Did the hypnosis solve my anxiety or cure the headaches? Did the making of timeless timepieces ease my fret about time? No, not really. Making and then marketing the watches, added yet another thing to do in an already jam-packed life. But as a timeless interpretation of immeasurable metaphor the last question a TimelinE watch would ever answer, do you have enough?
Time present and time past are both perhaps present in time future…
From the Four Quartets …TS Eliot
Locate. To fix a place, to establish a spot and here our purpose is to reach from our location now, into an unknown future. It looks from Alexander Marshack’s work defined in his TheRoots of Civilization, that the ability of humans to locate themselves in time was one of the great strides in the human project. Observations of lunar cycles were recorded on bone tablets or on spear throwers or other useful implements like arrow straighteners. Marshack, a journalist writing about the space program, deciphered the arcane marks fifty years ago.
It was essential for survival to know where in the solar cycle you were. To know by past observations, for example when to expect the return of the spawning salmon by knowing what time of year it was. A relatively cool or warm spring was an unreliable indicator of season. How would you know when it was time to head to your favorite fishing spot, or when was it time to be on the lookout for flocks of migrating geese? A calendar would turn out to be a great survival tool.
“Are you keeping time, or is time keeping you” says Wm Wiley’s famous character, the hourglass Buster Time. Here Buster appears as a song and dance team with wings to reference the flight of time.
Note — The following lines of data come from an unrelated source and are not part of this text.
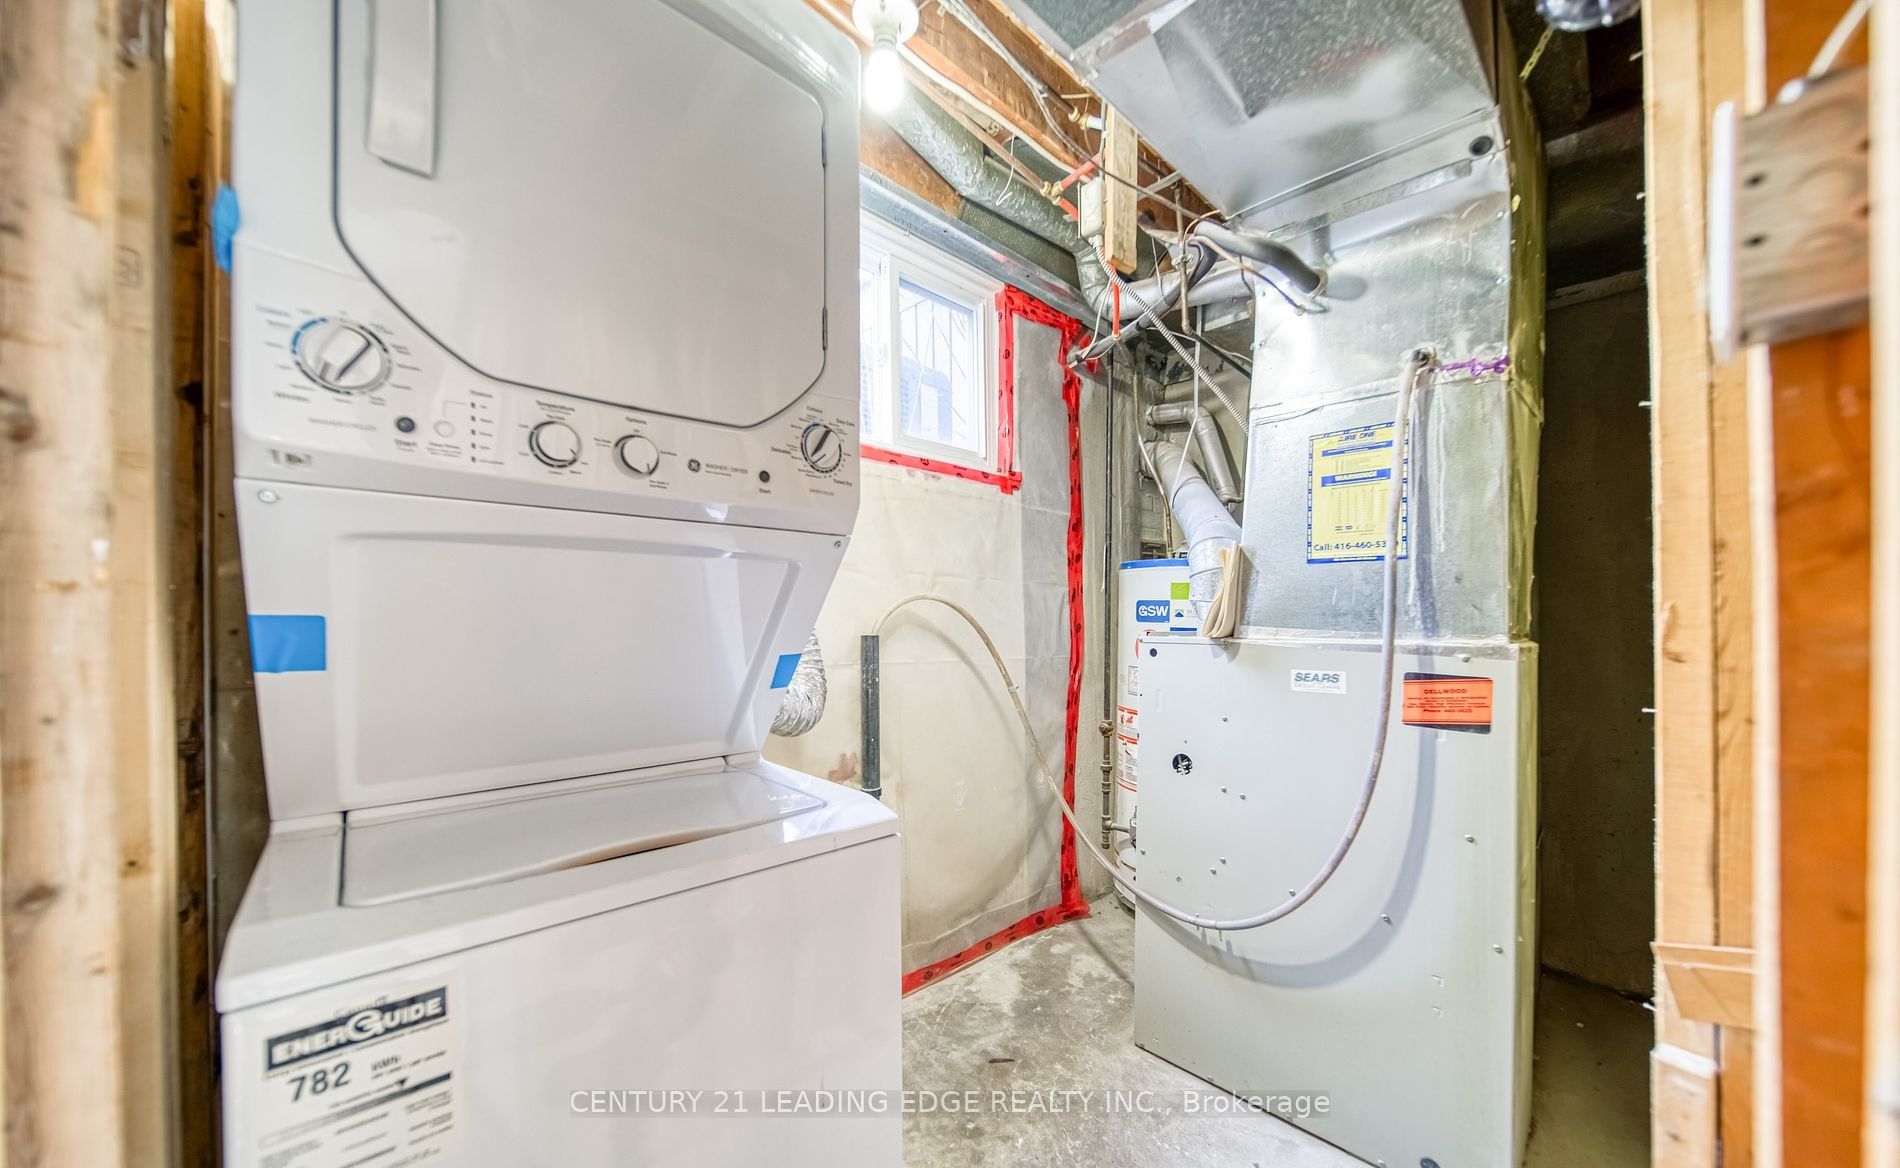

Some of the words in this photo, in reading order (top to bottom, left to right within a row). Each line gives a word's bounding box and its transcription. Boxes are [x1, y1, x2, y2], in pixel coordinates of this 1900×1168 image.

[705, 463, 728, 472] WASHER
[1313, 542, 1332, 551] Call:
[1334, 541, 1387, 550] 416-460-53
[1138, 605, 1169, 617] GSW
[1294, 672, 1340, 683] SEARS
[271, 997, 443, 1065] ENERGUIDE
[287, 1061, 352, 1104] 782
Pierre Tielhard de Chardin (speaking of paleontologists—discoverer of Peking Man and more) predicted the future of humanity as moving toward a teleological end—the development of life as a spiritual project. “You are not a human being in search of a spiritual experience. You are a spiritual being immersed in a human experience…” de Chardin pointed out almost a century ago. He called this end the Noosphere or the Omega Point when biological processes evolve to spiritual awakening of the human body-mass when technology art and biology merge.
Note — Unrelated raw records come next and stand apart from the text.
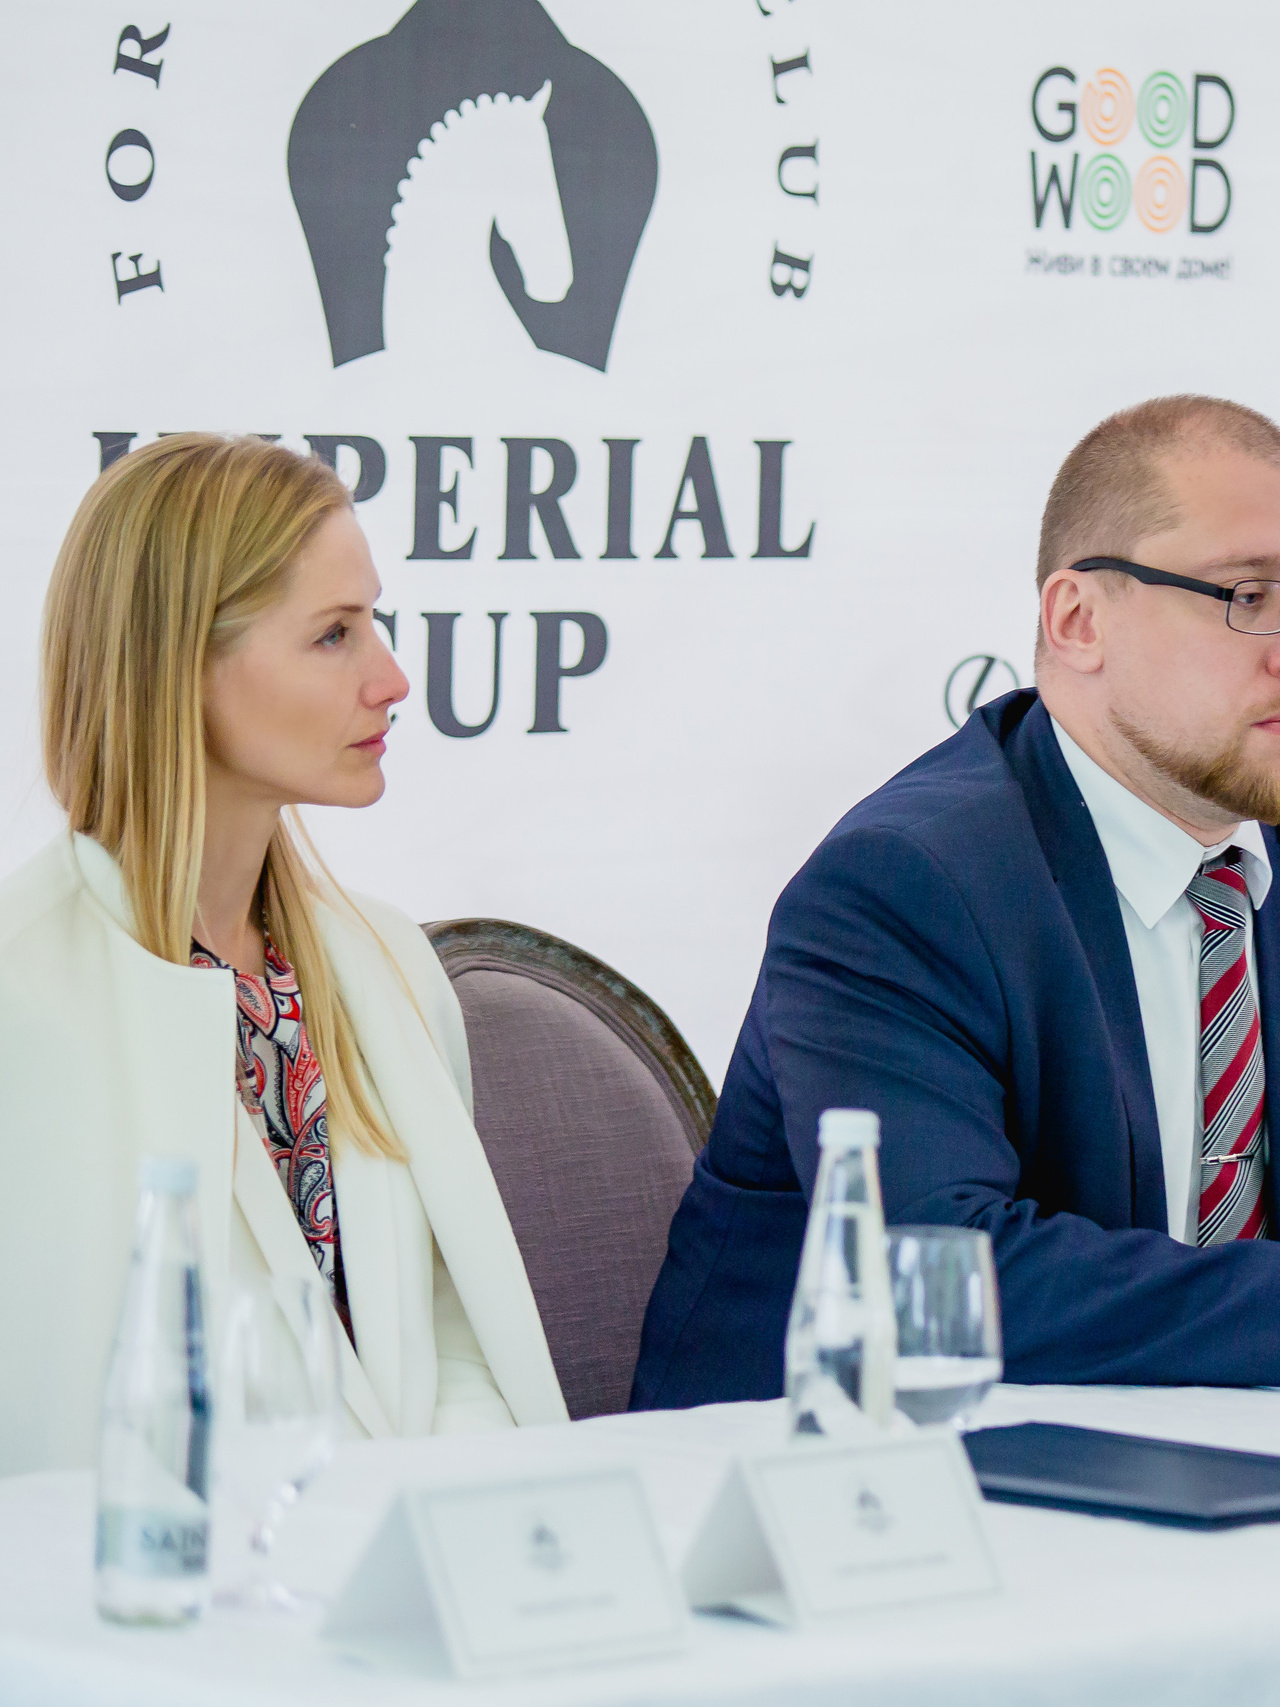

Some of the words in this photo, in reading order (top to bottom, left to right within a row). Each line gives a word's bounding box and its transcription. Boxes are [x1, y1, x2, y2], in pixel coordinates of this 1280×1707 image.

[105, 22, 171, 306] FOR
[755, 0, 820, 300] LUB
[1031, 66, 1236, 149] GOOD
[1030, 150, 1232, 234] WOOD
[373, 607, 609, 739] UP
One of the thinkers in this merging was architect and artist Paolo Soleri.
Drawing for an integrated living system city. P. Soleri
Soleri’s city structures fully integrated art, science, economics, religion, agriculture— true structures of the coming noosphere. So, to talk about the future of art we are going back to a time when all human activity was an integrated whole. The debates about science and art, about religion and science, about economics and art all seem silly taken in the context of the Omega point. There is little doubt that the world is perfectly flowing in that direction. Perfectly flowing does not preclude human suffering because we all know that both tragedy and comedy are a part of the human genome. The creative mind is also part of the genomic tool kit. It’s bred in the bone as we like to say in our better moments.
French actor/filmmaker Georges Méliès turning a sleeping woman into a butterfly.
Méliès was a hands-on artist, involved as director, writer, producer and set/costume designer in every stage of the performance production. He is credited with inventing as many as 30 new illusion tricks.
Méliès stands as an inspiring source for our Future of Art lessons. He could not have known what would transpire with magic and with moving pictures and how they would become the future.